Born in West Clandon, Surrey, Sutcliff spent her early youth in Malta and other naval bases where her father was stationed as a naval officer. She contracted Still's Disease when she was very young and was confined to a wheelchair for most of her life. Due to her chronic sickness, she spent the majority of her time with her mother, a tireless storyteller, from whom she learned many of the Celtic and Saxon legends that she would later expand into works of historical fiction. Her early schooling being continually interrupted by moving house and her disabling condition, Sutcliff didn't learn to read until she was nine, and left school at fourteen to enter the Bideford Art School, which she attended for three years, graduating from the General Art Course. She then worked as a painter of miniatures.

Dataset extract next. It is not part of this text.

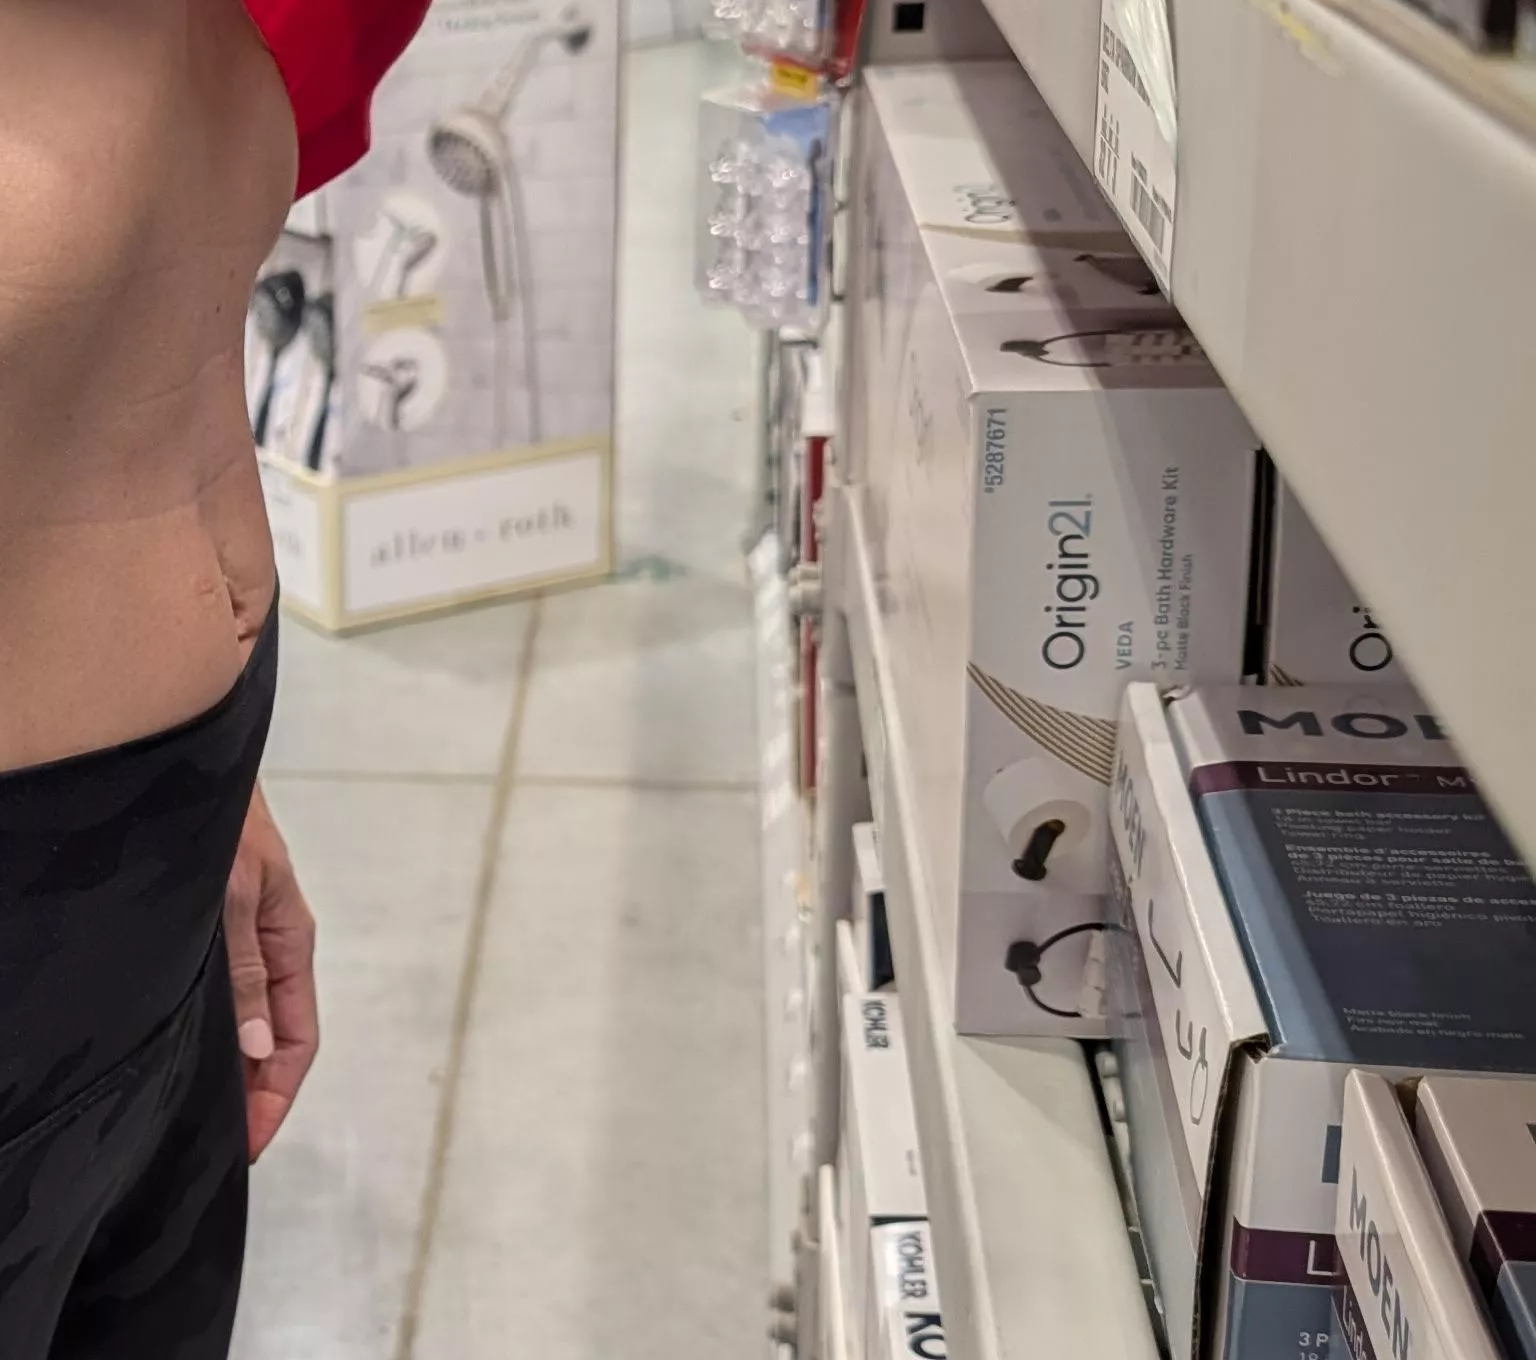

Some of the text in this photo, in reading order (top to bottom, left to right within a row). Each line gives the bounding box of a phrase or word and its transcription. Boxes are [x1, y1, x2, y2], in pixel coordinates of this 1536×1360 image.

Rosemary Sutcliff began her career as a writer in 1950 with The Chronicles of Robin Hood. She found her voice when she wrote The Eagle of the Ninth in 1954. In 1959, she won the Carnegie Medal for The Lantern Bearers and was runner-up in 1972 with Tristan and Iseult. In 1974 she was highly commended for the Hans Christian Andersen Award. Her The Mark of the Horse Lord won the first Phoenix Award in 1985.

Sutcliff lived for many years in Walberton near Arundel, Sussex. In 1975 she was appointed OBE for services to Children's Literature and promoted to CBE in 1992. She wrote incessantly throughout her life, and was still writing on the morning of her death. She never married.

http://us.macmillan.com/author/rosema...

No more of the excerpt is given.